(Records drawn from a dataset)
——————————

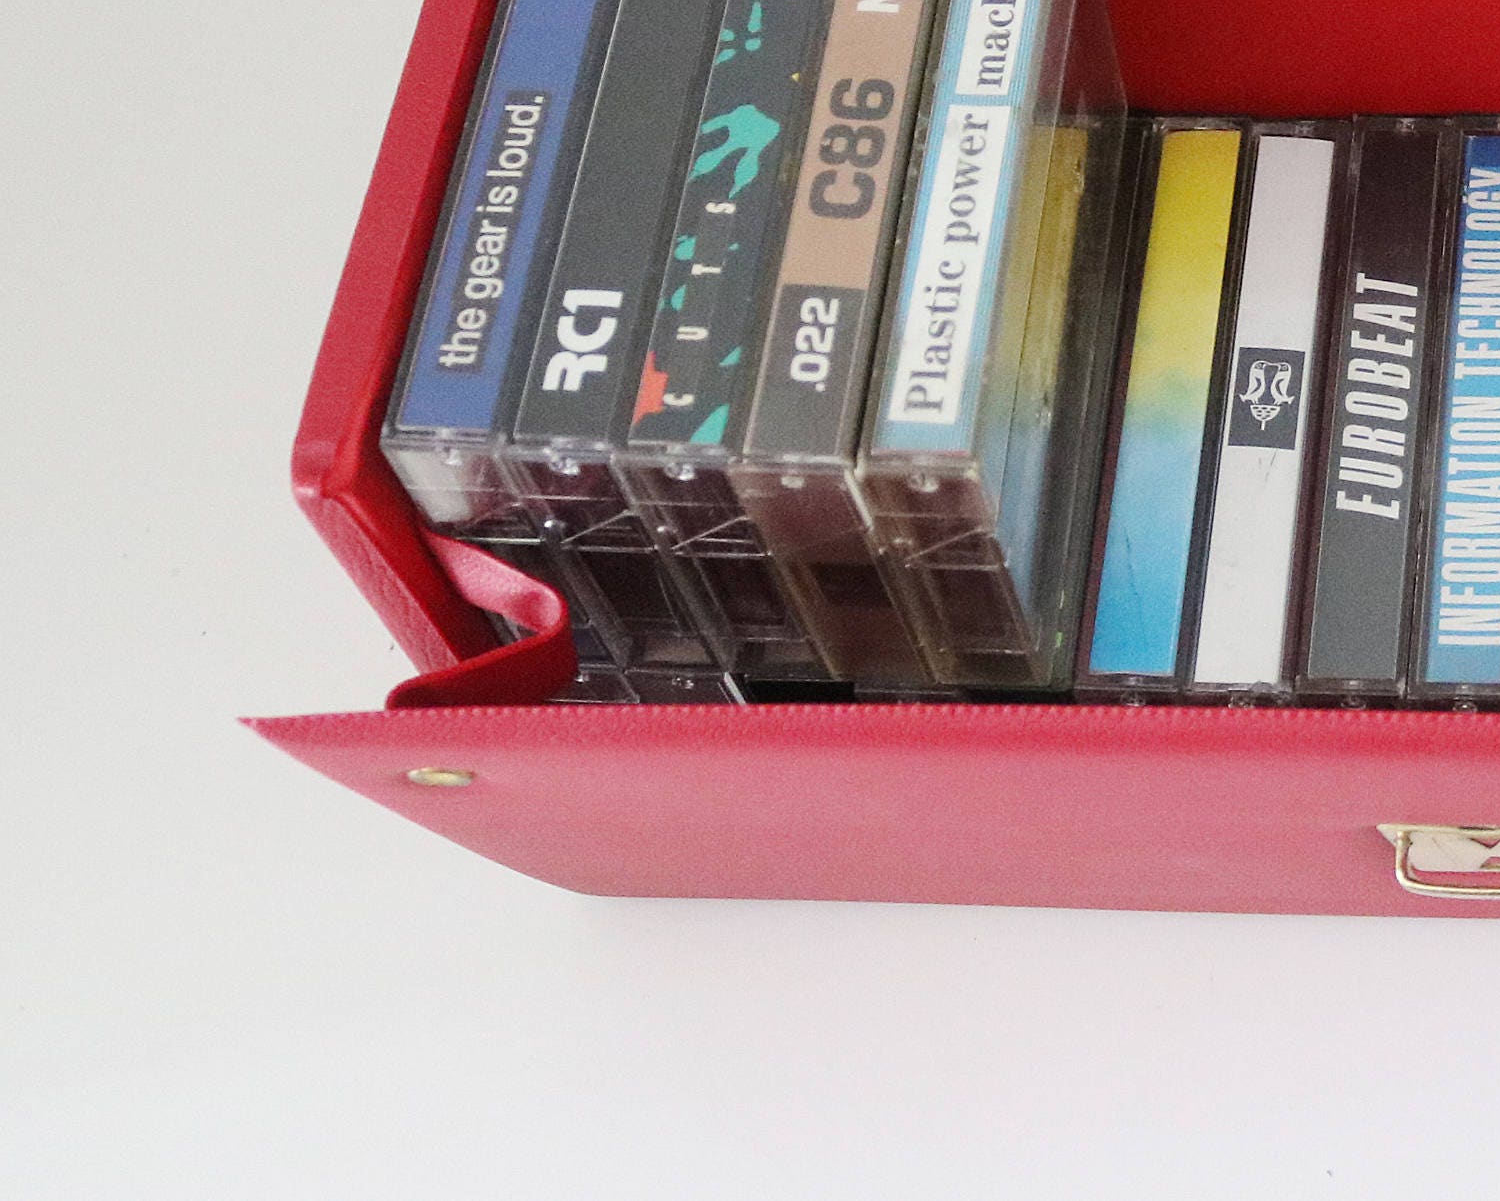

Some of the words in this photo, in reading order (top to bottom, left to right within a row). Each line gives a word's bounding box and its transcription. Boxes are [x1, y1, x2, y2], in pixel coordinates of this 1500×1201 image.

[487, 94, 545, 178] loud.
[810, 77, 895, 220] C86
[475, 184, 518, 213] is
[463, 218, 509, 301] gear
[903, 260, 967, 413] Plastic
[943, 113, 990, 248] power
[438, 306, 487, 368] the
[543, 289, 623, 392] RC1
[790, 297, 840, 391] .022
[1335, 272, 1418, 520] EUROBEAT
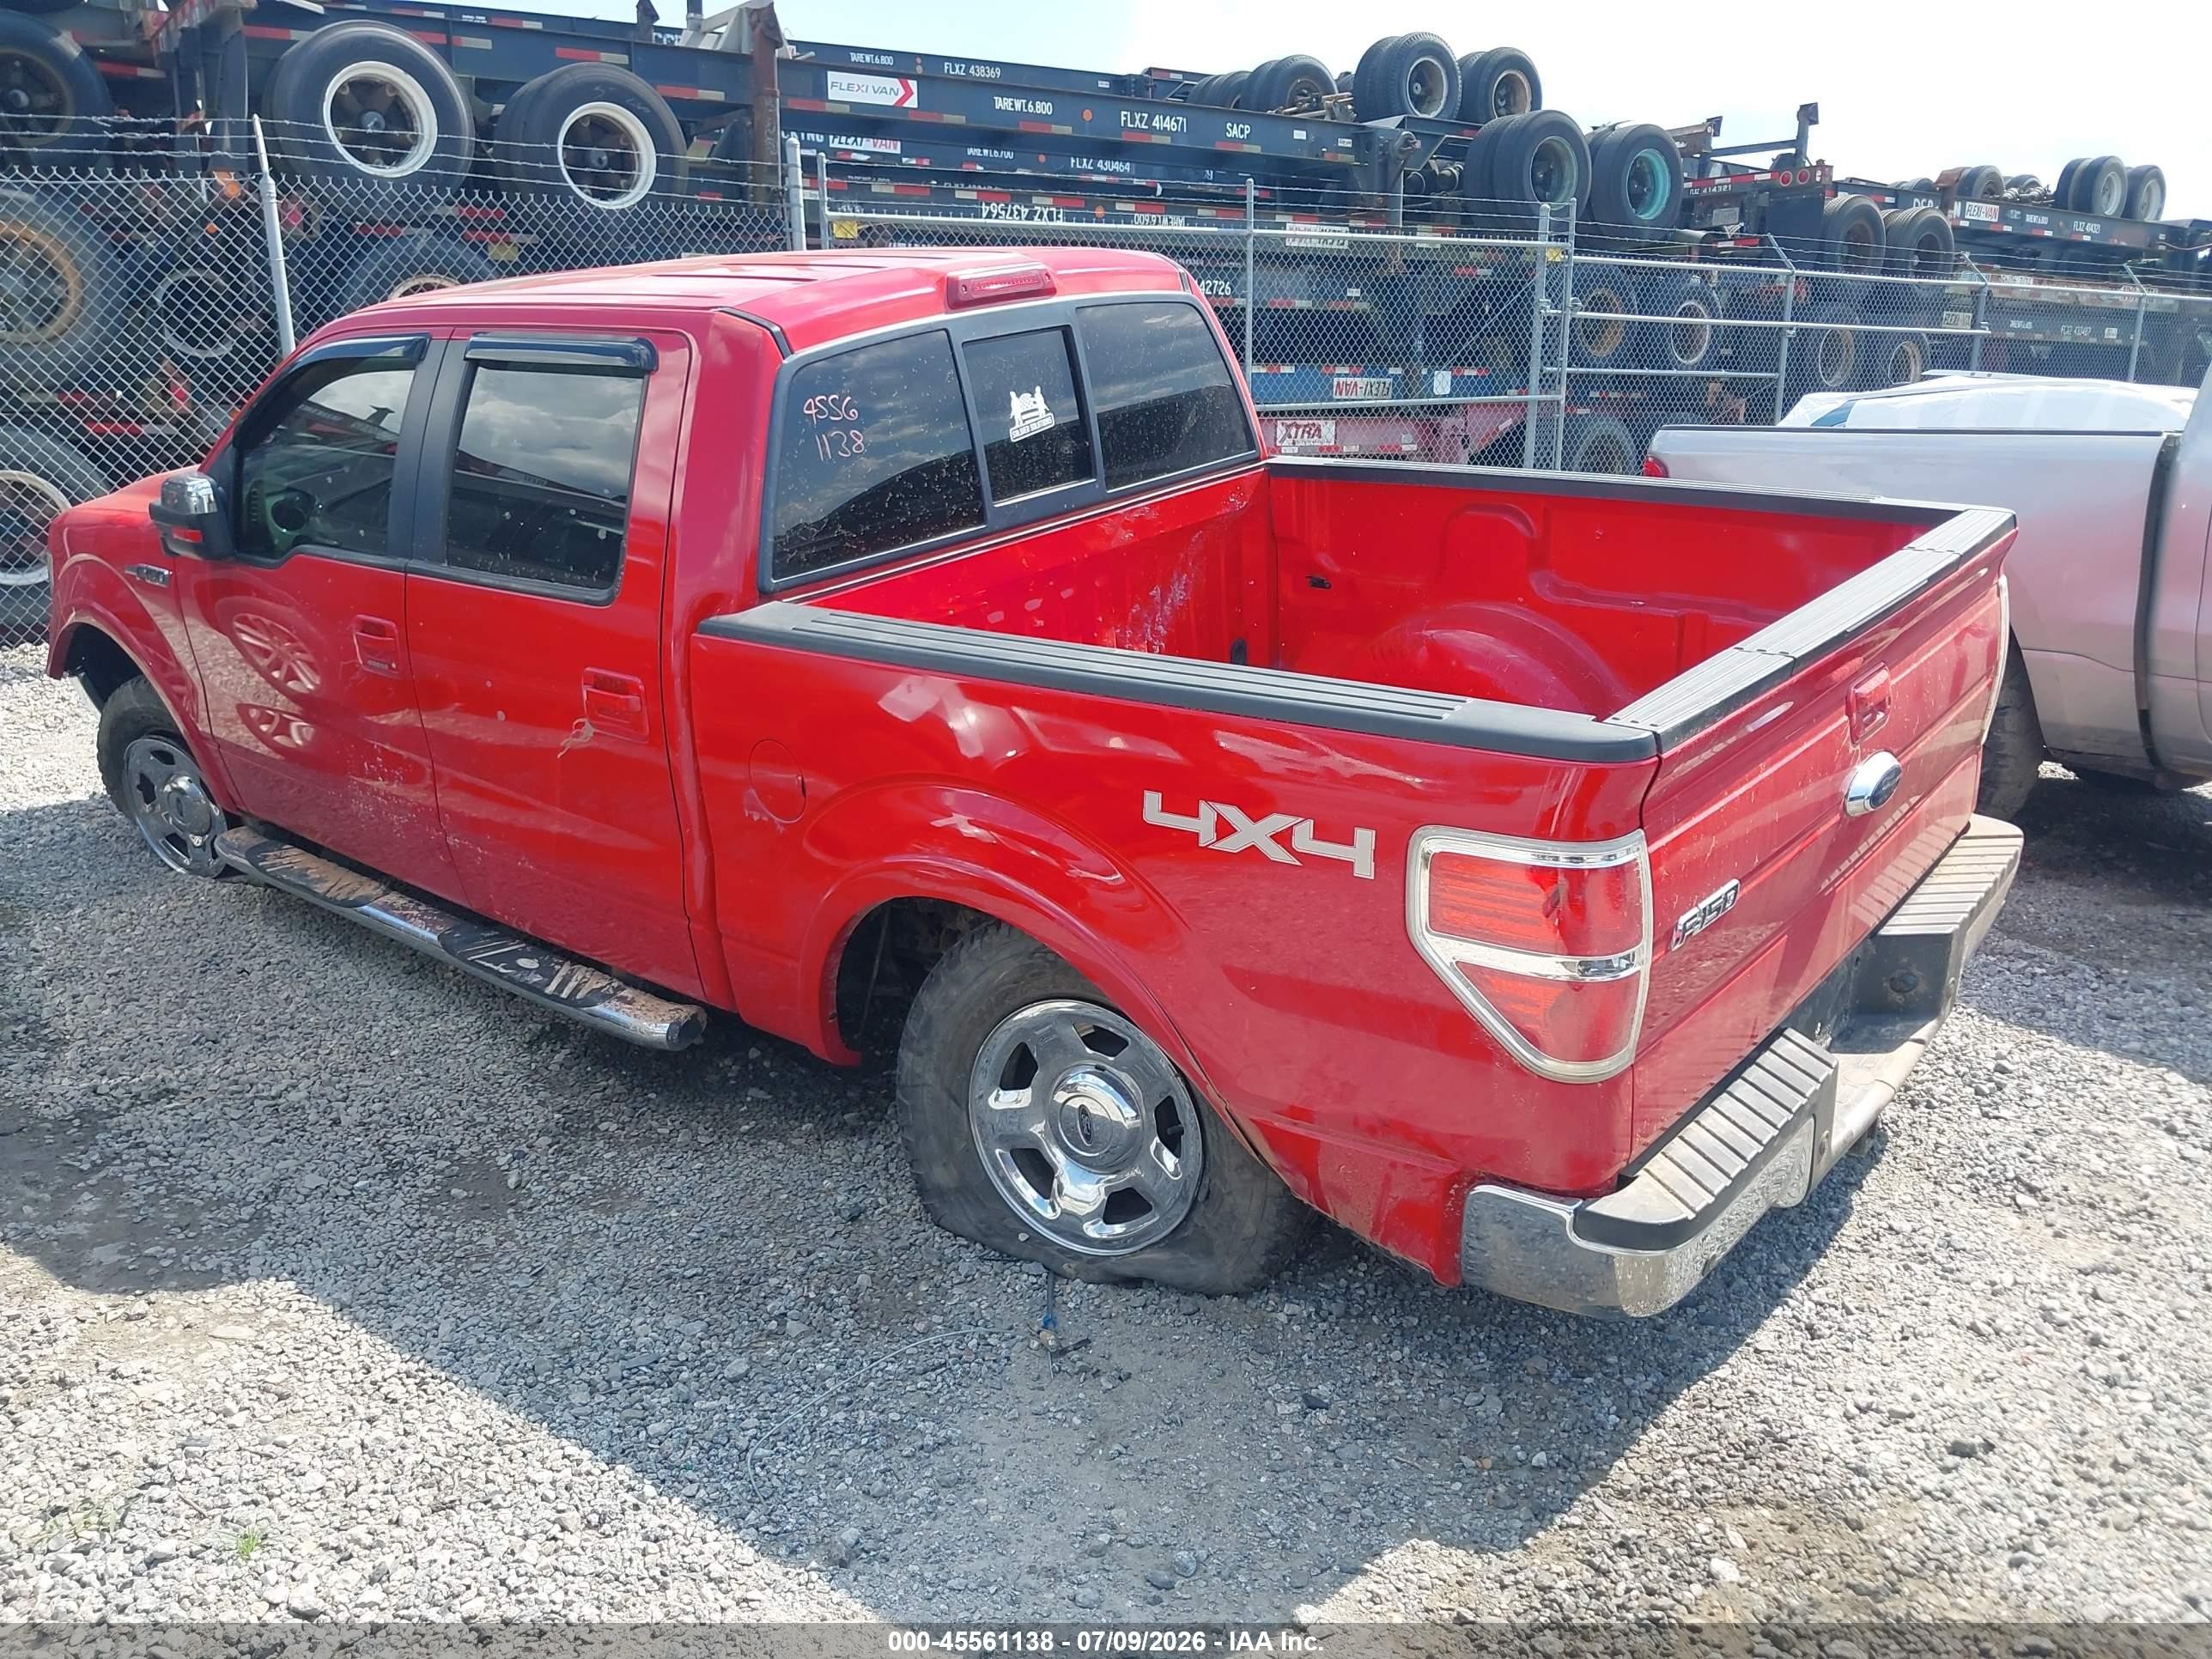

——————————

● **Task objective**:
Print every line above once more, exactly. Omit the pictures.

● **Exercise response**:
Some of the words in this photo, in reading order (top to bottom, left to right within a row). Each line gives a word's bounding box and its transcription. Boxes are [x1, y1, x2, y2], in pixel coordinates of this 1500×1201 image.

[487, 94, 545, 178] loud.
[810, 77, 895, 220] C86
[475, 184, 518, 213] is
[463, 218, 509, 301] gear
[903, 260, 967, 413] Plastic
[943, 113, 990, 248] power
[438, 306, 487, 368] the
[543, 289, 623, 392] RC1
[790, 297, 840, 391] .022
[1335, 272, 1418, 520] EUROBEAT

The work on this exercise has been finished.